Today marks the 100th anniversary of the Balfour Declaration, a 67-word letter sent from British Foreign Secretary Lord Arthur James Balfour to the most prominent Zionist in the world, Lord Lionel Walter Rothschild.
The letter stated, “His Majesty’s Government views with favour the establishment in Palestine of a national home for the Jewish people.”
There was, of course, a caveat. Balfour continued, “It being clearly understood that nothing shall be done that may prejudice the civil and religious rights of existing non-Jewish communities in Palestine or the rights and political status of Jews enjoyed in any other country.”
This promise was made as World War I was ending by a colonial power preparing to take over the region and divide the spoils between themselves and the French. In that division a small sliver of land would be carved out for the Jewish people. How much land was undecided, as was if it would be a state. Additionally, Balfour said the “national home” would be in Palestine, but it was not clear where in Palestine—or if it was to be part of Palestine or all of Palestine.
Some assert that the British didn’t have a right to give away what was not theirs, but such was the behavior of colonial empires at the time. To this day, Balfour’s detractors assert that Britain’s foreign secretary set the stage for Israel to become a colonial power and see her presence in the Middle East as an occupier with no real rights.
The Balfour Declaration enabled the realization of the Zionist dream. Jewish persecution was not created by Nazi Germany; it was intensified. Twenty-two years before the outbreak of World War II, this declaration promised a homeland for Jews who had been persecuted by countries around the world.
Boris Johnson, the current foreign secretary of Great Britain, expressed his feeling on the subject in Sunday’s Telegraph. He writes, “I am proud of Britain’s part in creating Israel” and that the declaration was “indispensable to the creation of a great nation.”
However, Johnson writes that the protection of non-Jewish rights “has not been fully realized.” He also states his belief that the Peel Commission of 1937, an investigation into unrest in Palestine and another British proposal similar to the Balfour Declaration and the Sykes-Picot, had the right idea, i.e. creating a two-state solution.
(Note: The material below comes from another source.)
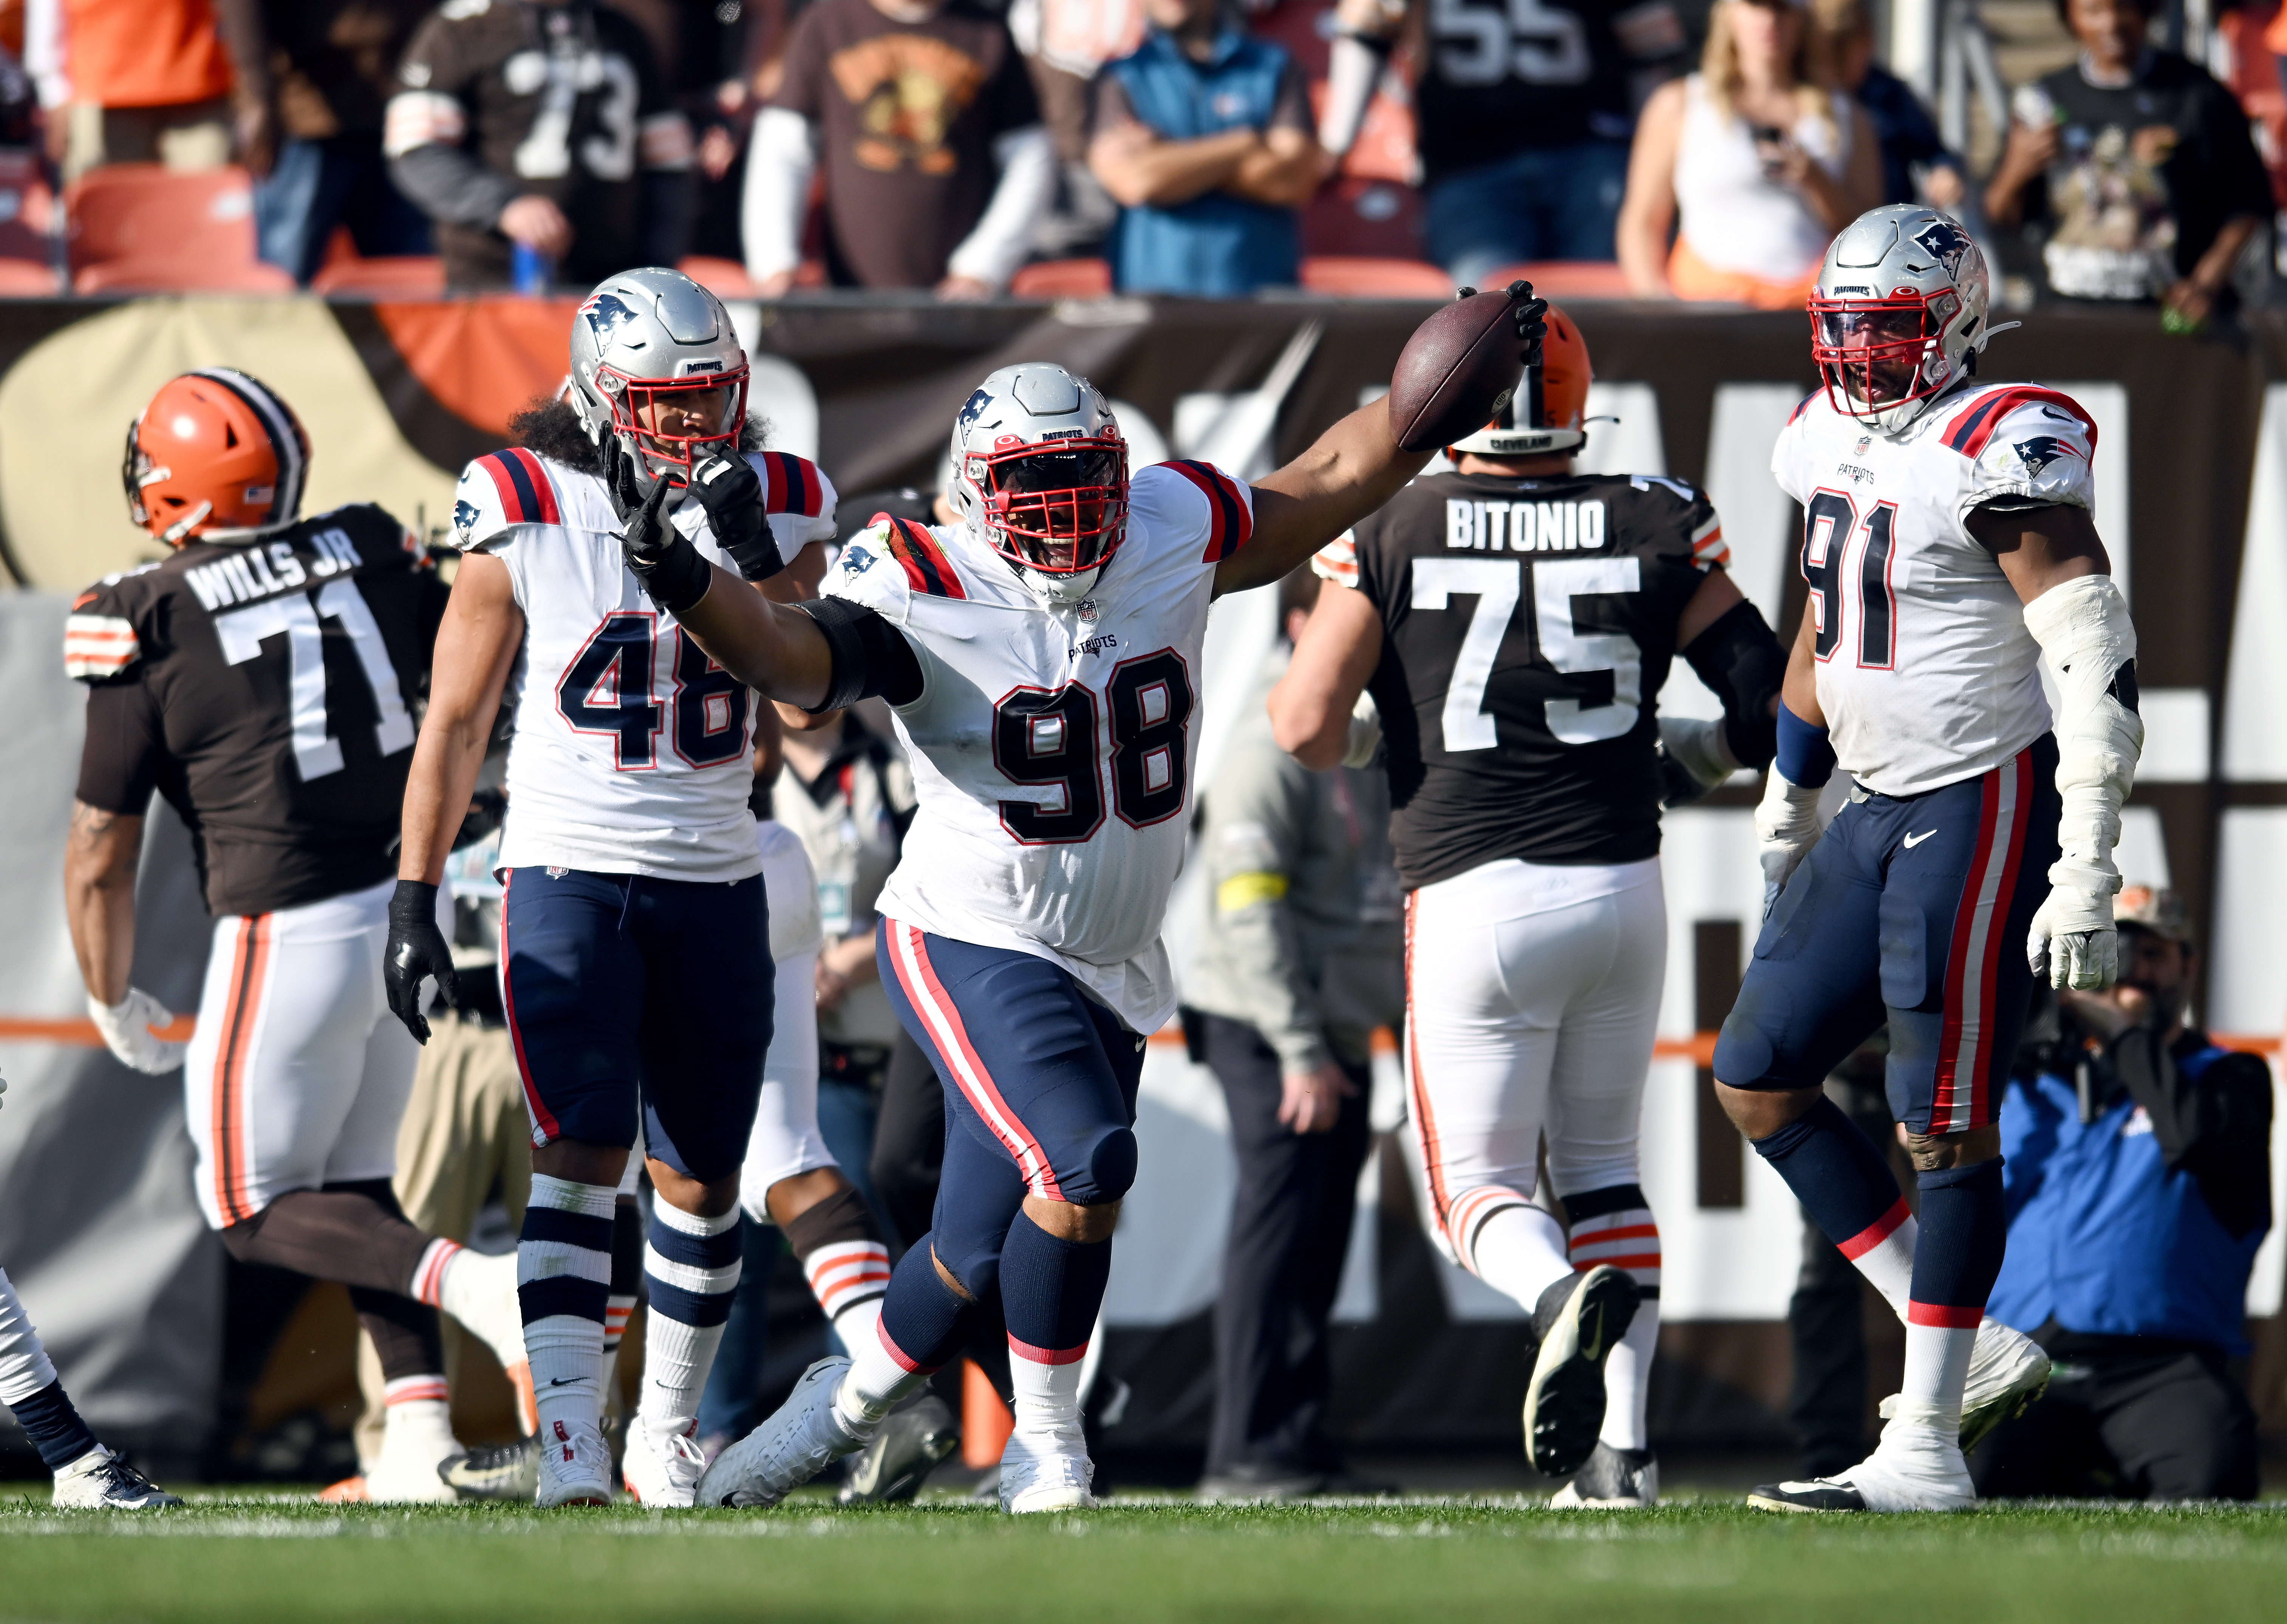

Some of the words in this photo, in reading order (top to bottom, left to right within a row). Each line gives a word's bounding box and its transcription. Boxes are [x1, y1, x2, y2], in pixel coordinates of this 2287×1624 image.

Johnson concludes,“A century on, Britain will give whatever support we can in order to close the ring and complete the unfinished business of the Balfour Declaration.”
In the 100 years since this letter was sent from Lord Balfour to Lord Rothschild, the world has changed. Despite the tensions, woes, wars, unrest, and challenges, the world is a better place today because of Israel.
Israel’s supporters and enemies alike have benefited from her inventiveness in the fields of technology and biotech. And then there is Israeli art, theater, music, food and wine. There is hardly a field or discipline to which Israel has not made an improvement.
Certainly the 100th anniversary of the Balfour Declaration is reason to celebrate.